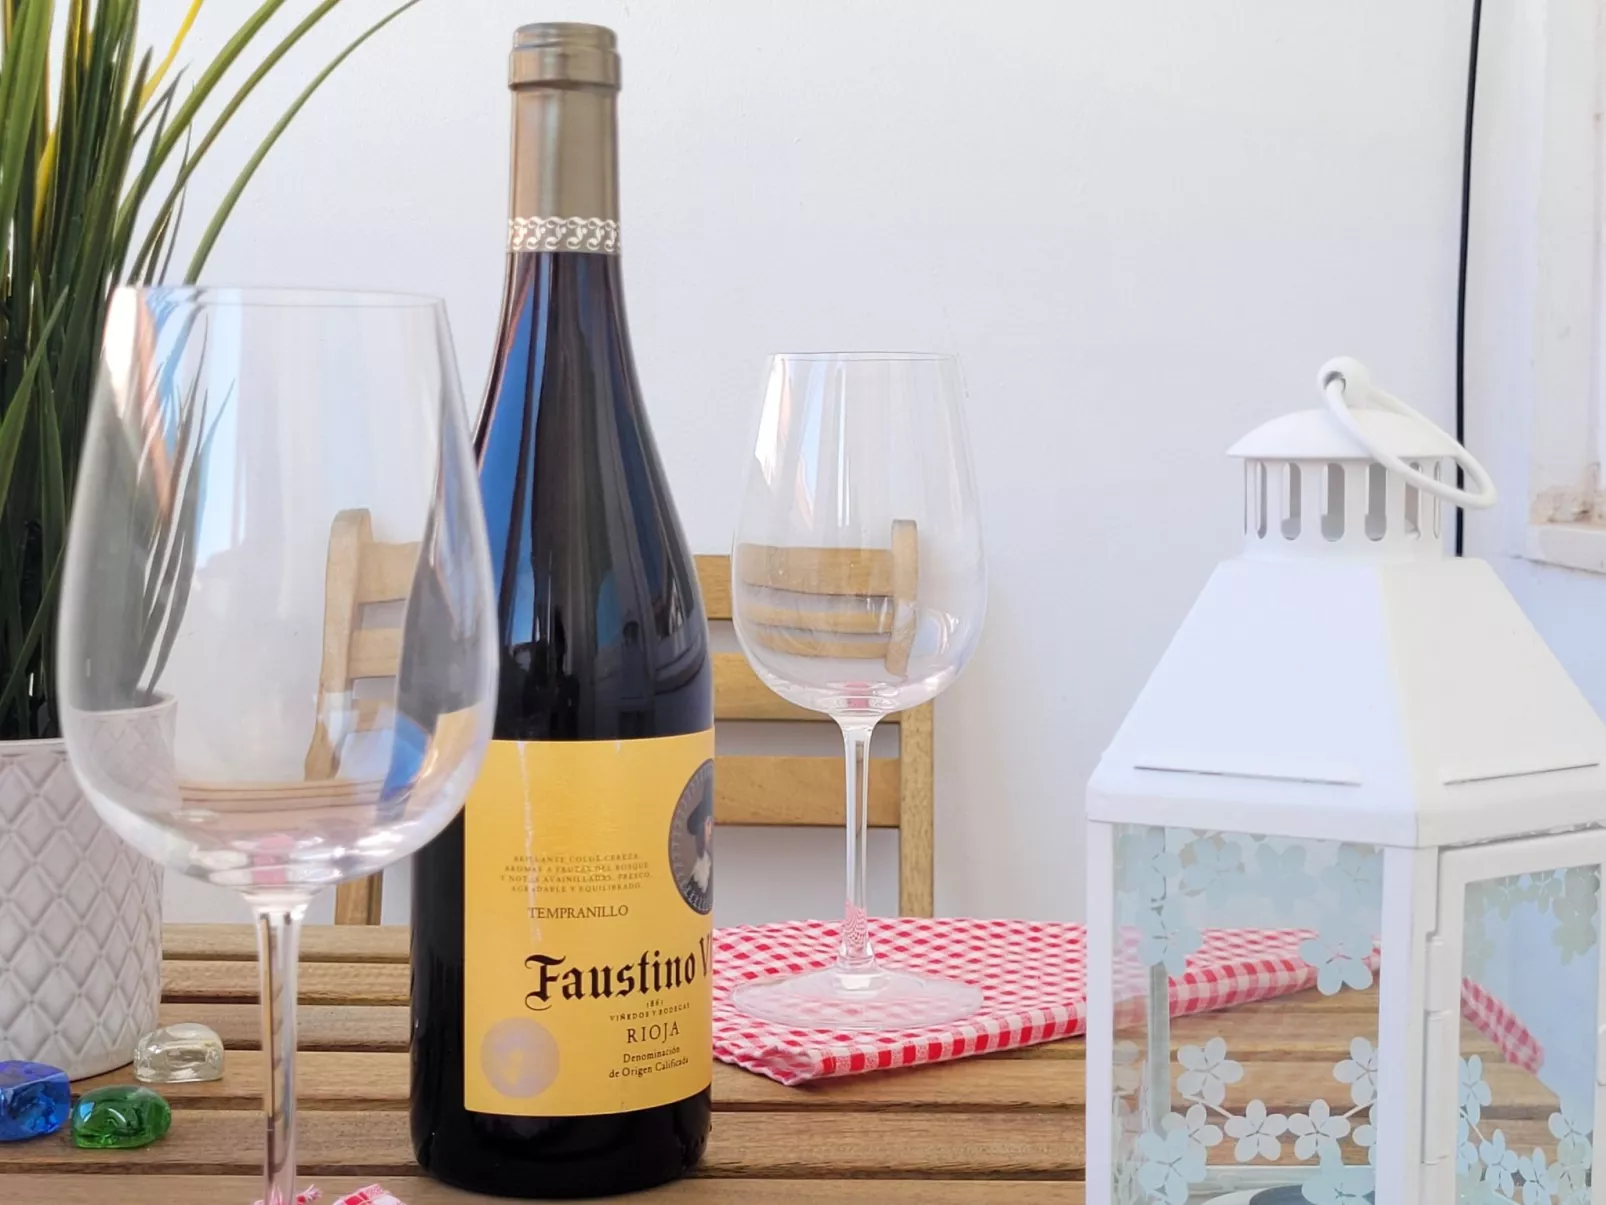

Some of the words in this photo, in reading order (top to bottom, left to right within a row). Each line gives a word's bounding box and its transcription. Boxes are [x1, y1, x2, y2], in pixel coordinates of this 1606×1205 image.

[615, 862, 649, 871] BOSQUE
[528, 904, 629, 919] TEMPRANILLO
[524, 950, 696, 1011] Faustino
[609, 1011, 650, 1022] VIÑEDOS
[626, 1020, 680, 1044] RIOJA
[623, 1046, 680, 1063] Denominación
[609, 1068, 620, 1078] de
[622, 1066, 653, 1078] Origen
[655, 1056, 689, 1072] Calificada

####################

## YOUR OBJECTIVE:
In transcribing the records, omit the pictures and keep everything else exactly as it appears.

## TASK ANSWER:
Some of the words in this photo, in reading order (top to bottom, left to right within a row). Each line gives a word's bounding box and its transcription. Boxes are [x1, y1, x2, y2], in pixel coordinates of this 1606×1205 image.

[615, 862, 649, 871] BOSQUE
[528, 904, 629, 919] TEMPRANILLO
[524, 950, 696, 1011] Faustino
[609, 1011, 650, 1022] VIÑEDOS
[626, 1020, 680, 1044] RIOJA
[623, 1046, 680, 1063] Denominación
[609, 1068, 620, 1078] de
[622, 1066, 653, 1078] Origen
[655, 1056, 689, 1072] Calificada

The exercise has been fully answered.